Sabah vizitleri, hastalar dışında, hocaların asistanlarını da sabah erkenden görme olanağını buldukları önemli saatlerdir. Hastanın da, hocanın da, asistanın da, o günkü fiziksel ve ruhsal durumu sabah gözlerinden okunur. Kim nöbetten geliyor kim akşamdan kalma, hepsi orada belli olur. O gün asistanların birinde, bir durgunluk fark ettim. “Önemli bir durum mu var?” diye sorduğumda, evine hırsız girdiğini söyledi.

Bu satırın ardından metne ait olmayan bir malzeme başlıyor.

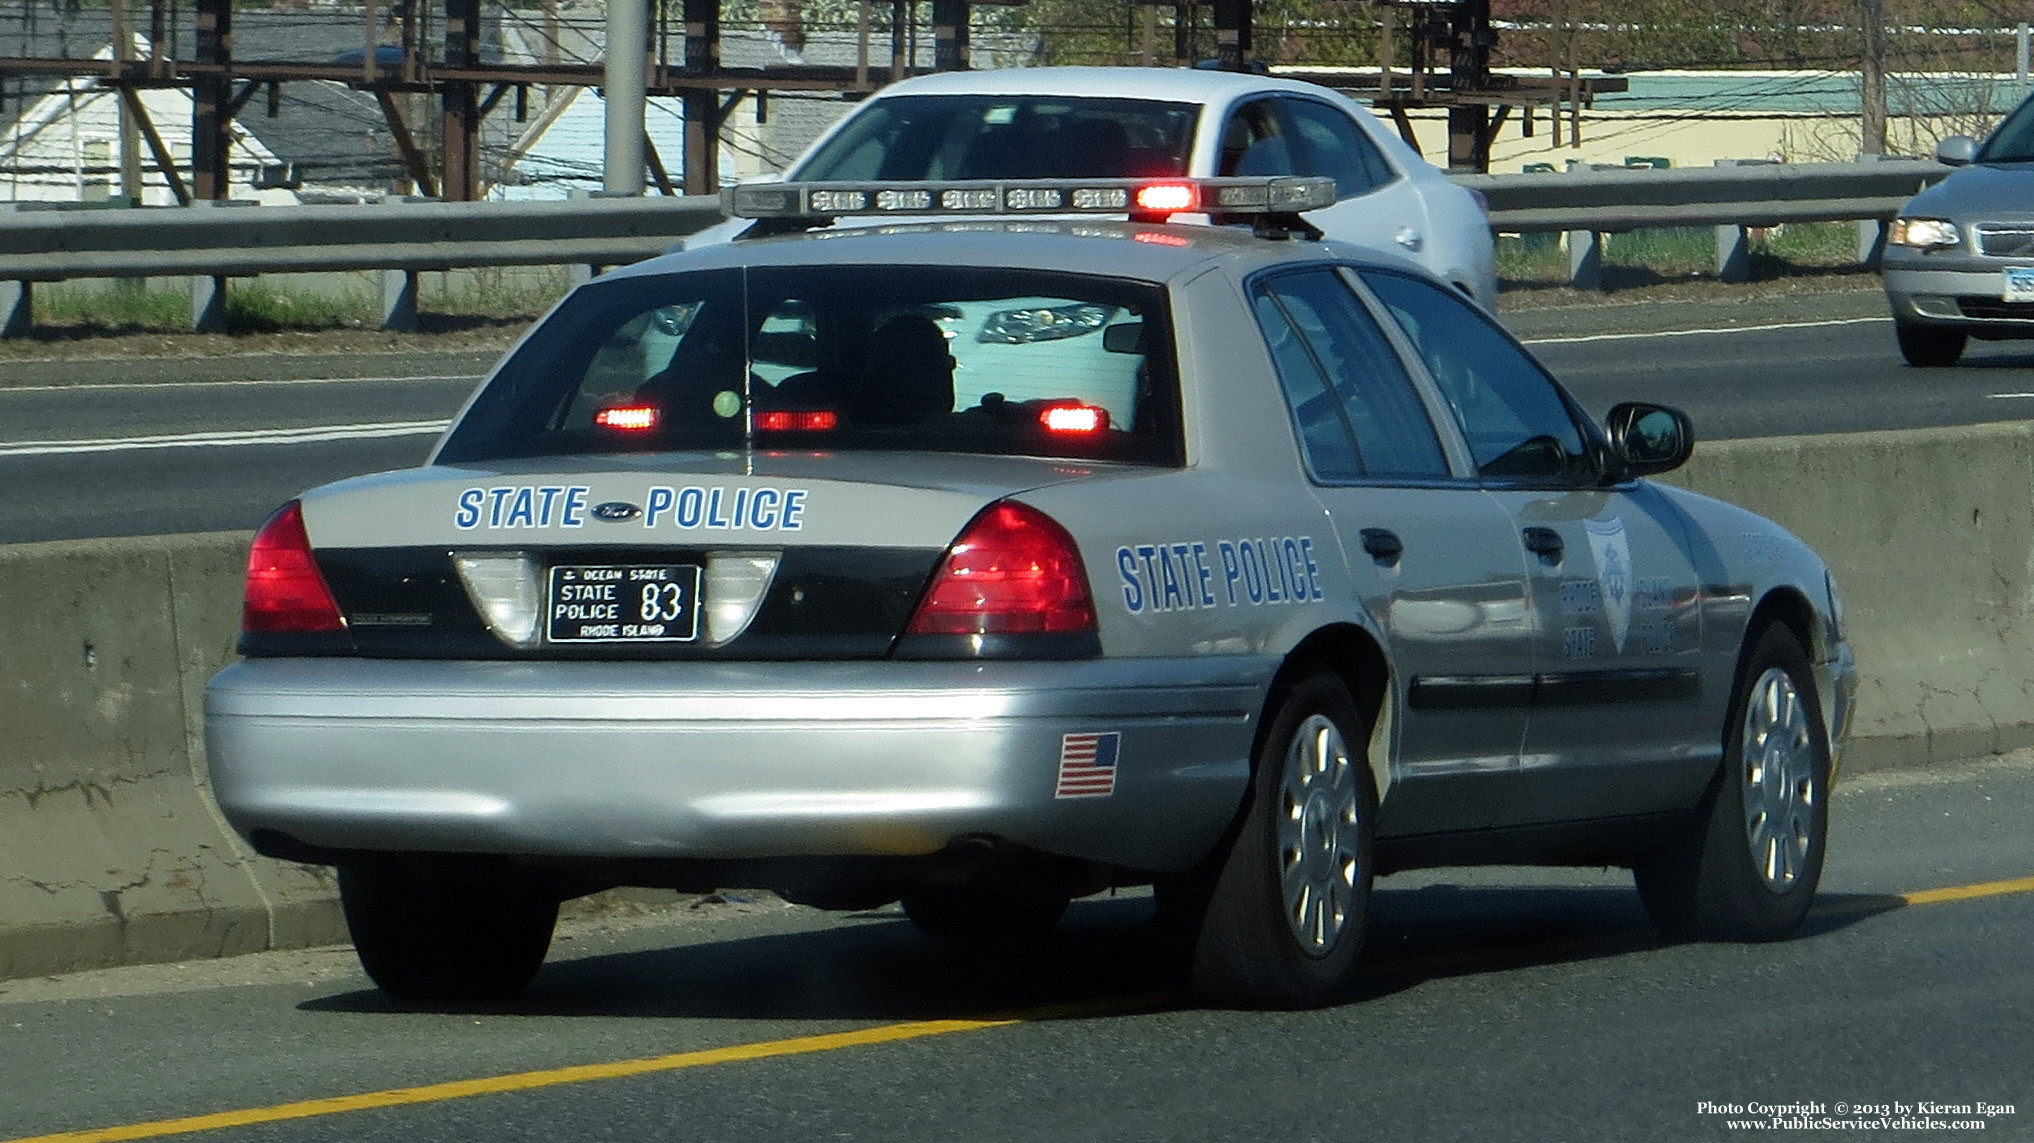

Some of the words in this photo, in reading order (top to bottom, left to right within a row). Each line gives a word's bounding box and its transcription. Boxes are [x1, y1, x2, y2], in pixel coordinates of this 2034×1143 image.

[455, 486, 590, 529] STATE
[643, 487, 808, 532] POLICE
[583, 570, 622, 581] OCEAN
[629, 569, 667, 580] STATE
[1116, 541, 1216, 614] STATE
[1217, 536, 1324, 607] POLICE
[560, 585, 617, 601] STATE
[640, 583, 682, 621] 83
[555, 604, 620, 620] POLICE
[580, 625, 618, 637] RHODE
[622, 625, 665, 637] ISLAND
[1563, 626, 1596, 657] STATE

Hasta vizit işlerini bitirdikten sonra, doktor odasında detaylı bilgi aldım.
-“Oğlum evin nerede?”
-“Bahçelievler, birinci caddede.”
-“Olay ne zaman oldu?”
-“Dün biz hastanedeyken, hem de güpegündüz.”
-“Evde kimse yok muydu?”
-“Yoktu. Eşim de ben de doktoruz, hastanedeydik hocam.”
-“Polis geldi mi?”
-“Geldiler, olay yeri ekibi parmak izi bile aradı.”
-“Neleriniz çalındı?”
-“Koltuklar hariç neredeyse her şeyimiz gitti hocam. Takılar, TV’ler, bilgisayarlar, ‘laptop’lar.”
-“Namussuzlar yeni aldığım ayakkabıyı bile alıp götürmüşler.”
-“İçeriye nereden girmişler?”
-“Kapının kilidini kırarak girmişler, kilit kırmak için özel bir alet varmış, yarım dakikada kırıyorlarmış!”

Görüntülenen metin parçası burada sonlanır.